Records contained in a dataset:
┄┄┄┄┄┄┄┄┄┄

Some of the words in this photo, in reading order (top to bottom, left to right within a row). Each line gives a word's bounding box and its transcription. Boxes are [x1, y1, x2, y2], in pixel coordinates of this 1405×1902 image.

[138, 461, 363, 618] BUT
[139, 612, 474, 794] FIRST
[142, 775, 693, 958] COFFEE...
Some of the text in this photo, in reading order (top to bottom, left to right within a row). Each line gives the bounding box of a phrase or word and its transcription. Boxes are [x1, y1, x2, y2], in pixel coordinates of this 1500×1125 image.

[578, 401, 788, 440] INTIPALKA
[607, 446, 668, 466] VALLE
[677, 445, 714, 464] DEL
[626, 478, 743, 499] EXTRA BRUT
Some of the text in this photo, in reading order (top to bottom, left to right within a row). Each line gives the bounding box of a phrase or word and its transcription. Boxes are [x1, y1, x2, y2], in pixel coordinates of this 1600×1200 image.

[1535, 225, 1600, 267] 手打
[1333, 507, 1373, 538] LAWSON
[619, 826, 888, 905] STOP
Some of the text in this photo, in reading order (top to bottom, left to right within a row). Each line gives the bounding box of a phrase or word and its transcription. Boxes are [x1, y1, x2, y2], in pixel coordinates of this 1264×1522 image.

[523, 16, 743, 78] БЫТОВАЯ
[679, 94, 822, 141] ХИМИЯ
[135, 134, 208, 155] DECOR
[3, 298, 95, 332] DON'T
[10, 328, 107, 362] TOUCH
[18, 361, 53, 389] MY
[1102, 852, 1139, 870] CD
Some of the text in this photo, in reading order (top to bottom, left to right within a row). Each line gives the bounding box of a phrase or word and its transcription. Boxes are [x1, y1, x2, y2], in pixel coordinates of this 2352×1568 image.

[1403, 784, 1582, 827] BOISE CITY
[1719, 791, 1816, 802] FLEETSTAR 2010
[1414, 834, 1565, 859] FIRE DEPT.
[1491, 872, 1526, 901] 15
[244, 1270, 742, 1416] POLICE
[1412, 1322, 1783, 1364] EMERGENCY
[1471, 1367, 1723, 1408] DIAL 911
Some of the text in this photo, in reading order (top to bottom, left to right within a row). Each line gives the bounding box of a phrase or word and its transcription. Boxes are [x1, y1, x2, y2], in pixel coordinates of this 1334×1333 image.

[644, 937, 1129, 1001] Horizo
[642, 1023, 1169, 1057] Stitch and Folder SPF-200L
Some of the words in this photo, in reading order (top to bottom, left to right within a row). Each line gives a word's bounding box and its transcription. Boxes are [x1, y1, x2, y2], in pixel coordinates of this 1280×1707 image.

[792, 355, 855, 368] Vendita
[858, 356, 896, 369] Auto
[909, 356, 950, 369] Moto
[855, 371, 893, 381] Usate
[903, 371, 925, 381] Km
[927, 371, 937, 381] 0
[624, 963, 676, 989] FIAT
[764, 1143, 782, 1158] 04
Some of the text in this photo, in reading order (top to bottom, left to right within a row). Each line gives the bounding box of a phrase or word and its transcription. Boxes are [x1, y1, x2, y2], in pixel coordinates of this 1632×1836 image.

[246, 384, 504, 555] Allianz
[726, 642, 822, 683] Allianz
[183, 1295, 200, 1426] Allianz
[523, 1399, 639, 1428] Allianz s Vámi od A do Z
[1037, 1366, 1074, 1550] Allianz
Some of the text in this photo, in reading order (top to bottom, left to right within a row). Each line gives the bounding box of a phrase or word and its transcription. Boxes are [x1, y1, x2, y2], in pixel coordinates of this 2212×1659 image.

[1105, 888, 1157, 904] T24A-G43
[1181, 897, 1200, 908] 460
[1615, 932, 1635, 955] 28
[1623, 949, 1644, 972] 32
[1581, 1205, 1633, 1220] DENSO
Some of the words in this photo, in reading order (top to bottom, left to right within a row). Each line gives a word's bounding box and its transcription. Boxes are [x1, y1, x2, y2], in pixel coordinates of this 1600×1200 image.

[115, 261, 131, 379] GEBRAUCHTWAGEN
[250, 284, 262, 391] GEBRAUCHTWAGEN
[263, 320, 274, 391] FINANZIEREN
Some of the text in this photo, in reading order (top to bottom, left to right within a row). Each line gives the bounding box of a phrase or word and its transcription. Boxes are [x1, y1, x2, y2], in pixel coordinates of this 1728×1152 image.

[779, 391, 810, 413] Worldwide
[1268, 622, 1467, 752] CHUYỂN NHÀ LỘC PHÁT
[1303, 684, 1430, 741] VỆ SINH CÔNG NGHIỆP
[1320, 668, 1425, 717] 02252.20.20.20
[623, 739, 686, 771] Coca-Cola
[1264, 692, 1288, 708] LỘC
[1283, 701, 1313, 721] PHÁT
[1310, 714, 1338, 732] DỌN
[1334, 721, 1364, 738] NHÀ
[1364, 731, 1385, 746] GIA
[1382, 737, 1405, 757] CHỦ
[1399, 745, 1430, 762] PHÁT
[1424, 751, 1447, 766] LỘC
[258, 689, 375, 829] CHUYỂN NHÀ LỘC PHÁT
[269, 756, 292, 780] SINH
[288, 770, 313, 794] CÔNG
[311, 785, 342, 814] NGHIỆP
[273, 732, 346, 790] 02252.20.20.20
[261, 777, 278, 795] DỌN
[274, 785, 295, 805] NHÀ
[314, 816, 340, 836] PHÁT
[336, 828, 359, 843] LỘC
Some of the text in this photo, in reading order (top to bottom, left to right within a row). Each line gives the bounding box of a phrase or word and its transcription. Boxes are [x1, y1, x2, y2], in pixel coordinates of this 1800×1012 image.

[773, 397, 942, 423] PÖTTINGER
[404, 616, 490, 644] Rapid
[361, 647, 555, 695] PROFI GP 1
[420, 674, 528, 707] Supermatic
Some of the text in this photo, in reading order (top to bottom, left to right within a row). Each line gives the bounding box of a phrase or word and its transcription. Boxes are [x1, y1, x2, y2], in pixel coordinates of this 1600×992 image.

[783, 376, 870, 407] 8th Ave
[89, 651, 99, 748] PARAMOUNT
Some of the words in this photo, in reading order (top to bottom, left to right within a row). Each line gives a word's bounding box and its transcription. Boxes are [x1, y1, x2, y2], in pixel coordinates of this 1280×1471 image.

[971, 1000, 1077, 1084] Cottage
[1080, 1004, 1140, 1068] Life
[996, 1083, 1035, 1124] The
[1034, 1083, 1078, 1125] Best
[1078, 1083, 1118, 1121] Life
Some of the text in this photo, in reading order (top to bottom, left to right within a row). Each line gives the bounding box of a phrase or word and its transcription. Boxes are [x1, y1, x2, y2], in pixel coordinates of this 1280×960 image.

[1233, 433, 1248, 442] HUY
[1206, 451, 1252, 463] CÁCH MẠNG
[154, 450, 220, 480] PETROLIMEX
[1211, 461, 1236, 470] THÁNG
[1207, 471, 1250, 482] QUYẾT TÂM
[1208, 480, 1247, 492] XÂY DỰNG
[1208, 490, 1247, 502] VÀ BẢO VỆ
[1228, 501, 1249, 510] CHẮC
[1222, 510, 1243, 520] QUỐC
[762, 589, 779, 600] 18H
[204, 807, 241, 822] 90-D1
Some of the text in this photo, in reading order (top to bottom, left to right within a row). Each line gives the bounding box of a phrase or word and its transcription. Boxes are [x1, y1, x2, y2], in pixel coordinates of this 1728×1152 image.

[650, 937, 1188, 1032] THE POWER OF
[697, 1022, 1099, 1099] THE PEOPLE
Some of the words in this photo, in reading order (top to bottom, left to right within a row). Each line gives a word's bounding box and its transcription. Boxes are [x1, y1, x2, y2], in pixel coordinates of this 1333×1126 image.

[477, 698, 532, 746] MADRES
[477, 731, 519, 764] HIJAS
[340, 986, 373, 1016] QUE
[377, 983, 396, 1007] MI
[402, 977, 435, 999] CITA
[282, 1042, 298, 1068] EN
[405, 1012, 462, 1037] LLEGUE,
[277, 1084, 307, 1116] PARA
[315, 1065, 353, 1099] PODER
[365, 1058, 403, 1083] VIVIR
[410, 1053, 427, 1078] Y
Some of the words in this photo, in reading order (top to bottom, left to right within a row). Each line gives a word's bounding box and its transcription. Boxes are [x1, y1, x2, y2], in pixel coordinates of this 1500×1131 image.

┄┄┄┄┄┄┄┄┄┄

▸ Directions
Reproduce exactly the line that holds "this 1333×1126 image.", then every line after it, ending with the final line of the records above.

▸ Result of the exercise
Some of the words in this photo, in reading order (top to bottom, left to right within a row). Each line gives a word's bounding box and its transcription. Boxes are [x1, y1, x2, y2], in pixel coordinates of this 1333×1126 image.

[477, 698, 532, 746] MADRES
[477, 731, 519, 764] HIJAS
[340, 986, 373, 1016] QUE
[377, 983, 396, 1007] MI
[402, 977, 435, 999] CITA
[282, 1042, 298, 1068] EN
[405, 1012, 462, 1037] LLEGUE,
[277, 1084, 307, 1116] PARA
[315, 1065, 353, 1099] PODER
[365, 1058, 403, 1083] VIVIR
[410, 1053, 427, 1078] Y
Some of the words in this photo, in reading order (top to bottom, left to right within a row). Each line gives a word's bounding box and its transcription. Boxes are [x1, y1, x2, y2], in pixel coordinates of this 1500×1131 image.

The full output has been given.